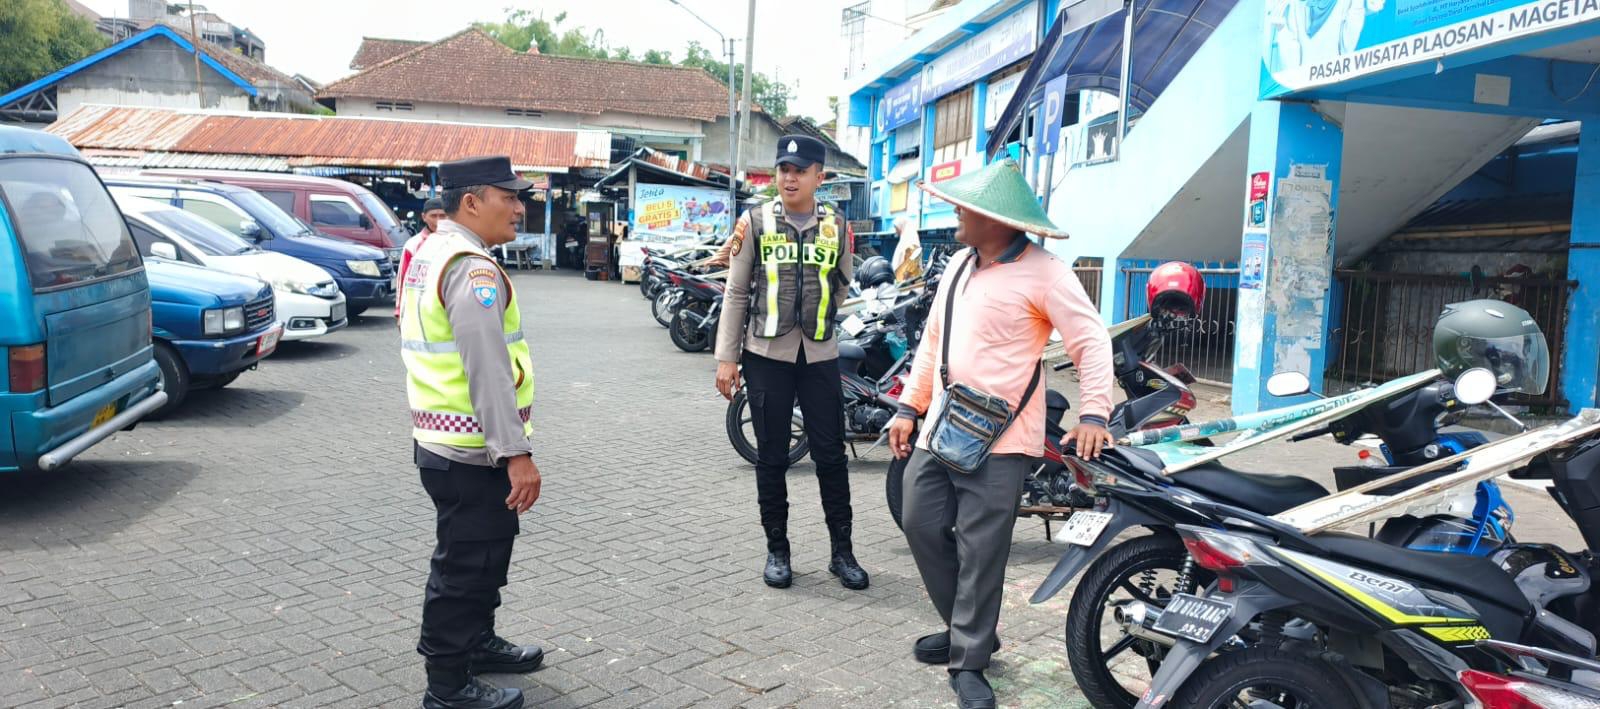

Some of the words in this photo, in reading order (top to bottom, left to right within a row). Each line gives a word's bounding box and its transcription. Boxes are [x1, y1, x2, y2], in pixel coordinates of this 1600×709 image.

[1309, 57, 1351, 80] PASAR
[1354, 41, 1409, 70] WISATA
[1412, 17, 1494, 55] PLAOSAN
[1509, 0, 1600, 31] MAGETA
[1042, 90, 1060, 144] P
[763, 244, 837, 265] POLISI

******************************

All of the data should be returned word for word, with each picture left out.

Some of the words in this photo, in reading order (top to bottom, left to right within a row). Each line gives a word's bounding box and its transcription. Boxes are [x1, y1, x2, y2], in pixel coordinates of this 1600×709 image.

[1309, 57, 1351, 80] PASAR
[1354, 41, 1409, 70] WISATA
[1412, 17, 1494, 55] PLAOSAN
[1509, 0, 1600, 31] MAGETA
[1042, 90, 1060, 144] P
[763, 244, 837, 265] POLISI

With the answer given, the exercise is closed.